→ Exercise instructions: Print all records exactly, pictures left out.

------------

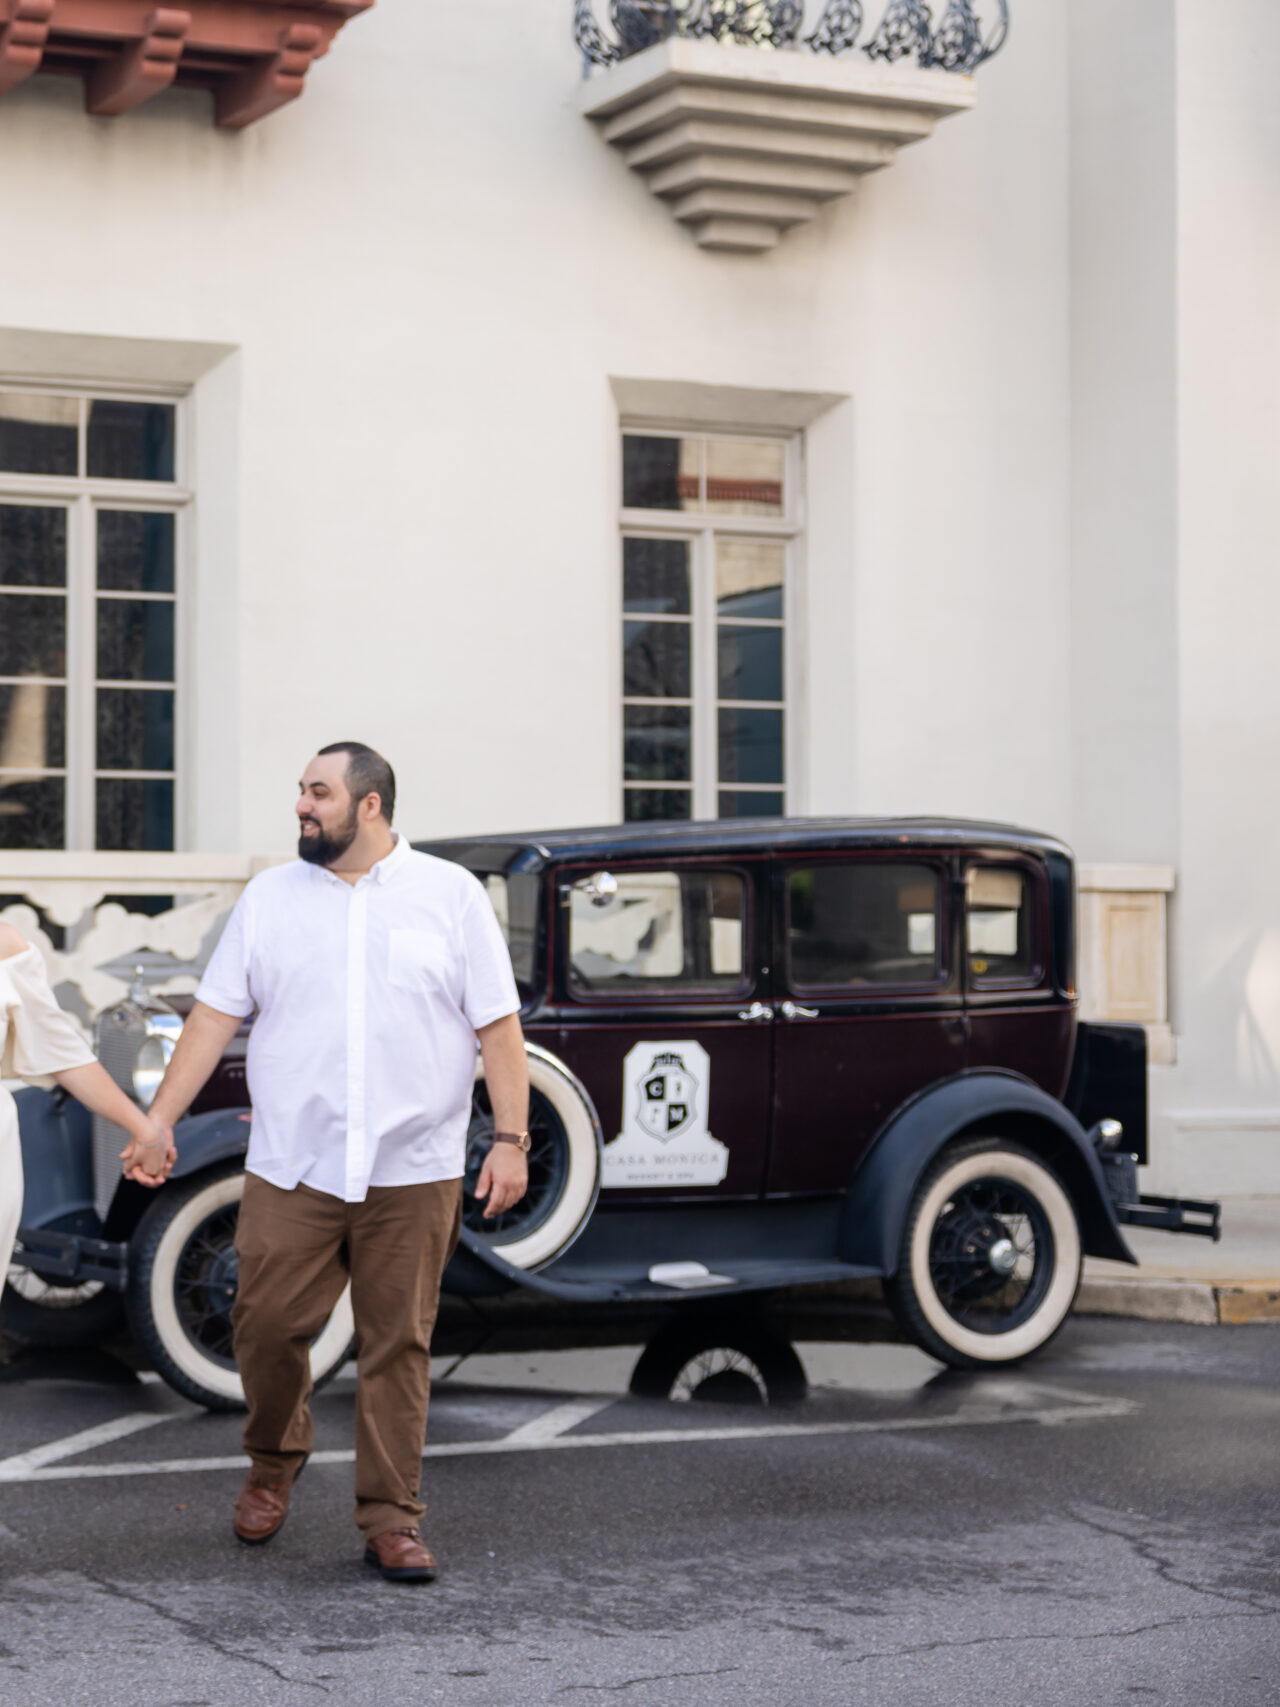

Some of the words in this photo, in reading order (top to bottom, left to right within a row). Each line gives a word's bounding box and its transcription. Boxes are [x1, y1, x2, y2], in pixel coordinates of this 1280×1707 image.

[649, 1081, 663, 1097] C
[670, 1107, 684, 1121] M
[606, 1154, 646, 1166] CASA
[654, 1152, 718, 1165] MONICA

------------

→ Answer to this task:
Some of the words in this photo, in reading order (top to bottom, left to right within a row). Each line gives a word's bounding box and its transcription. Boxes are [x1, y1, x2, y2], in pixel coordinates of this 1280×1707 image.

[649, 1081, 663, 1097] C
[670, 1107, 684, 1121] M
[606, 1154, 646, 1166] CASA
[654, 1152, 718, 1165] MONICA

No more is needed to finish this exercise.